This is a happy story. I'm posting it, partly because when we embarked on this journey last year we found it very comforting to read about good outcomes. Since we've already started a couple of threads about the post-operative difficulties we had, I thought we shouldn't just "disappear" when things were going better.
It's been exactly a year since the night my 11-year-old son Ben told us he felt sick. It was a couple of hours past his usual bedtime, and he'd been playing video games with a friend. Suddenly, his head began to hurt and he complained of pain in his neck and arm. My wife (who is a family physician) was alarmed, and got him dressed for a trip to the emergency room. Then he threw up, violently, and felt better right away. He'd been susceptible to migraines, and all our kids have had occasional bouts of "wry neck," so we cancelled the ER visit and put him to bed. My wife was still uneasy, and got up to check on him during the night.
The next morning he still had nausea. We took him in to the local ER, and the doc on duty thought it might be an atypical meningitis. They decided to transfer him to the Children's Hospital in Ottawa, about forty five minutes away. We rode in the ambulance, with the sirens wailing. If you've ever been in the back of an ambulance, you know that you can't see ahead, or out the sides; the window faces backwards, and when you look out of it you see the place you started from receding in the distance.
At CHEO, the emergency room physician ordered a CT scan, which revealed that there had been a bleed into his ventricles. It would be a month and a half before we returned from the hospital. Within the first week, hydrocephalus set in and Ben was rushed to the operating room to have a ventricular drain installed. After that he had to keep his head down on the pillow to let the pink CS fluid drain into a bag. He had a series of scans, one of which confirmed that he had an AVM on the right side, in the occipital cortex.
He seemed to be getting better, though. The pink fluid gradually turned clear, and he felt better every day. Our spirits rose. Then one evening, as we were sitting around his bed, laughing and playing games, the fluid in his catheter turned bright red, and little red drops began dripping into the clear CSF in the bag beside his head. The crisis team was in the room before Ben even had symptoms. Then the pain and nausea hit, and he had another emergency surgery to replace his tube, which had become blocked. He was moved to intensive care.
The second bleed settled his course of treatment: he would need surgery to remove the AVM. It would have to be done with great delicacy, to preserve his vision; even so, he might emerge from the operation with major visual deficits, or even (as one of the doctors warned us) full blindness.
The AVM removal was done by craniotomy, at the Ottawa Civic Hospital. The nine-hour operation was performed by the brilliant and gifted Dr. Agbi, using very advanced computer-navigation techniques to minimize damage to the tissue around the AVM. The AVM was obliterated. Immediately after the operation, Ben did have major gaps in his visual field; but as the swelling went down, these gaps got smaller and smaller, until they became nearly unnoticeable. Within a couple of days, he was reading, typing emails, playing video games. In another 2 weeks, he was able to tolerate removal of his ventricular drain, and was spared the need for a permanent shunt. We went home, after almost a month and a half in hospital. Within a few weeks, he was singing onstage, as the villain in the musical Urinetown. He went back to school and finished the year at the top of his class.

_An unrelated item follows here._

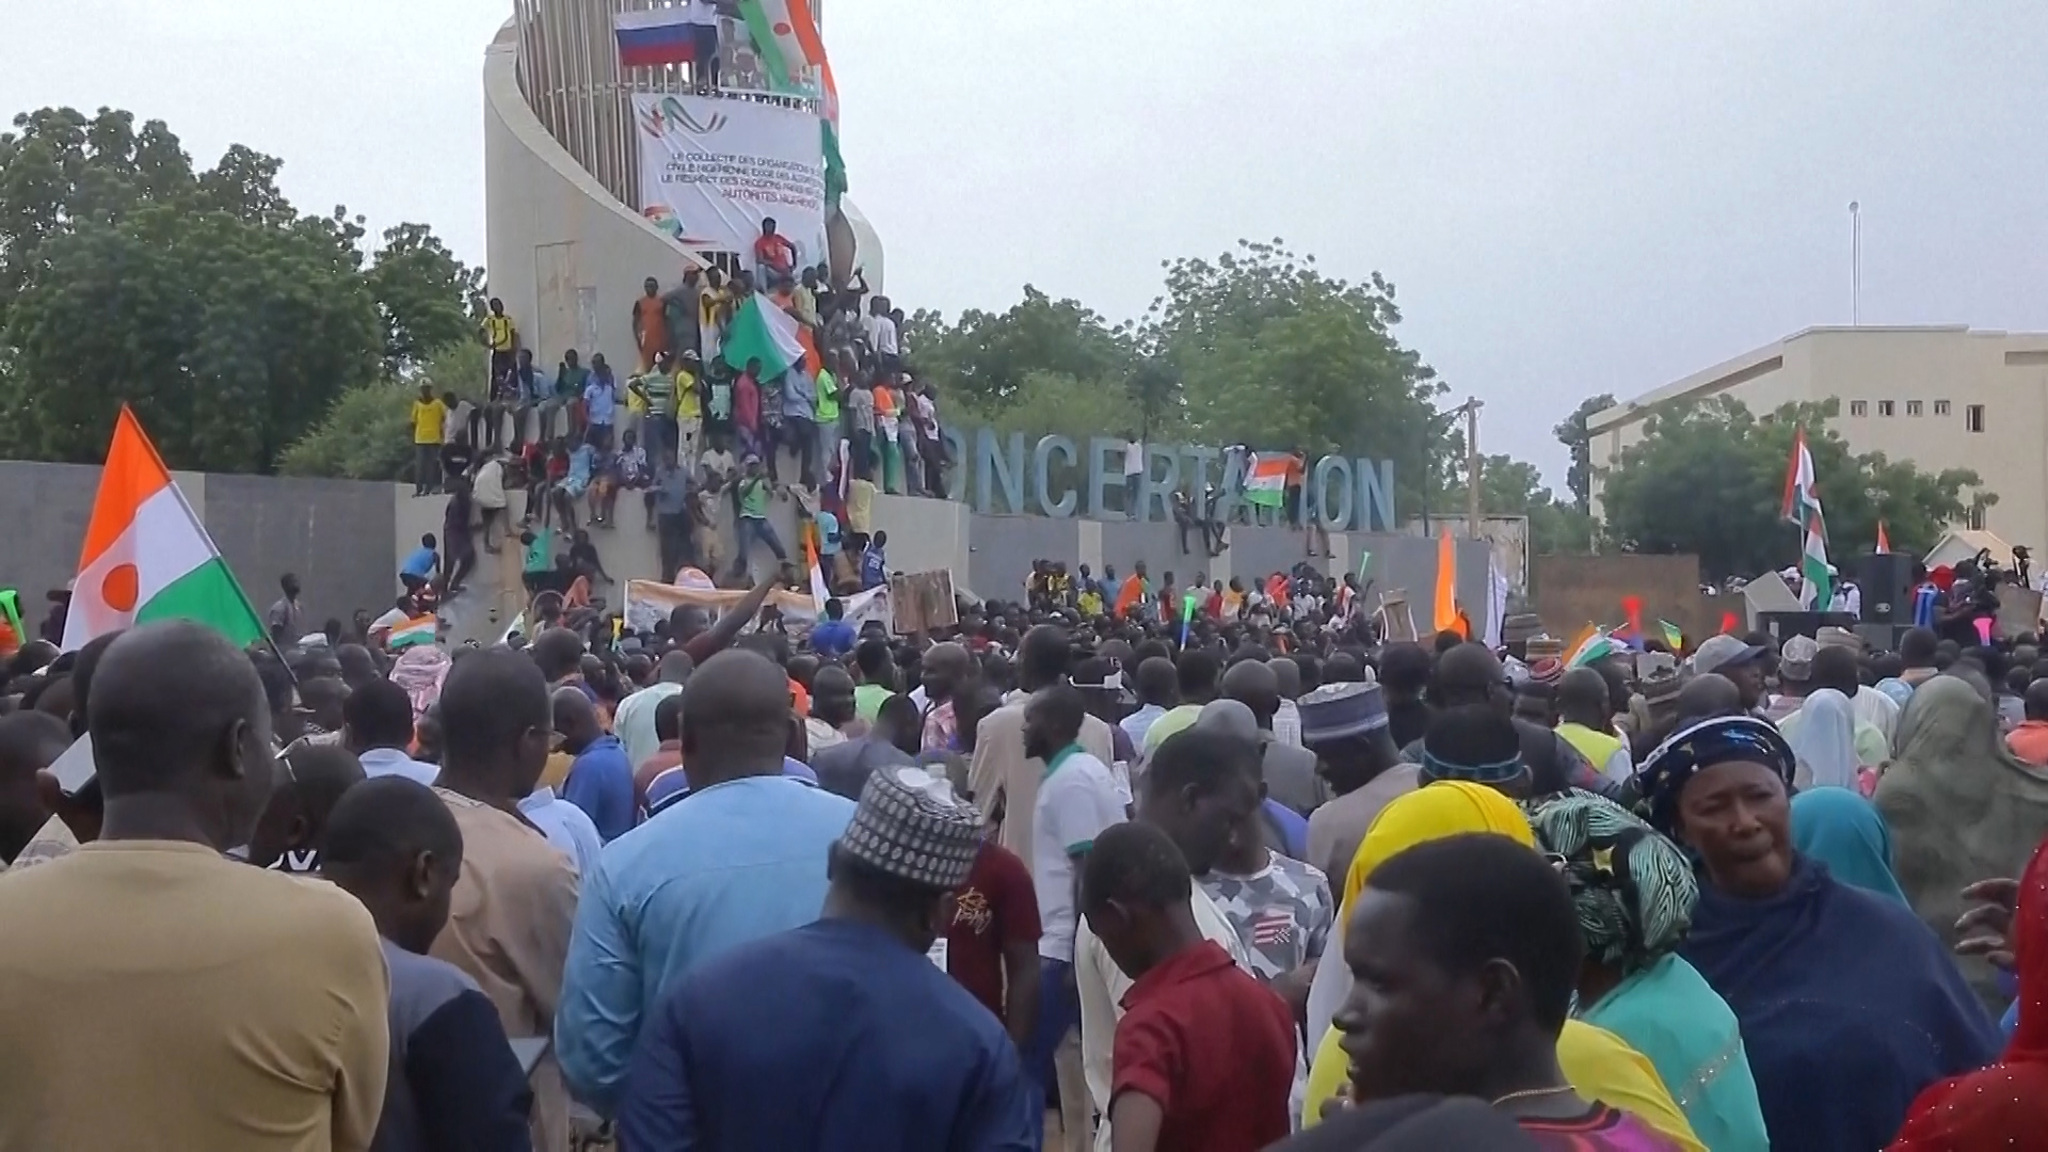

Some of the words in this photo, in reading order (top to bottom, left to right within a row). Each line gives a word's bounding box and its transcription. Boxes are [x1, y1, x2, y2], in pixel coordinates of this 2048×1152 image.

In the months afterward, he had occasional bouts of nausea and headache. Every time it occurred, we would dash down to the CHEO emergency room, and he would be given an MRI. There were no new bleeds, but we never really learned what the cause of these events was. We started a thread on this forum, asking for advice. One day, a few months after the operation, Ben reported that he saw a flashing, purplish, circular "light" in the left side of his field of vision. The light faded away within a few minutes, but his visual field deficit seemed to have gotten slightly worse. We now think this was a small local seizure. A similar event occurred in September (some seven months after surgery). After more scans, and consultations with neurologists, the recurring headaches and those two small seizures were ascribed to "changes in the brain as it is healing." Scans of his brain showed an "empty spot" where the AVM had been. Presumably, the area around this spot was still "settling down" after the trauma of his operation.
Since September, he's had no symptoms at all, and does everything he ever did before. Life is quite normal, for all of us. We're still apprehensive, of course, and little things still jangle our nerves, but things have gone as well as we could have hoped. In the years to come, he'll need to be scanned periodically to make sure that the AVM does not recur. For now, all is very well!
Thanks so much to everyone at this site. Reading about your experiences has helped us a lot.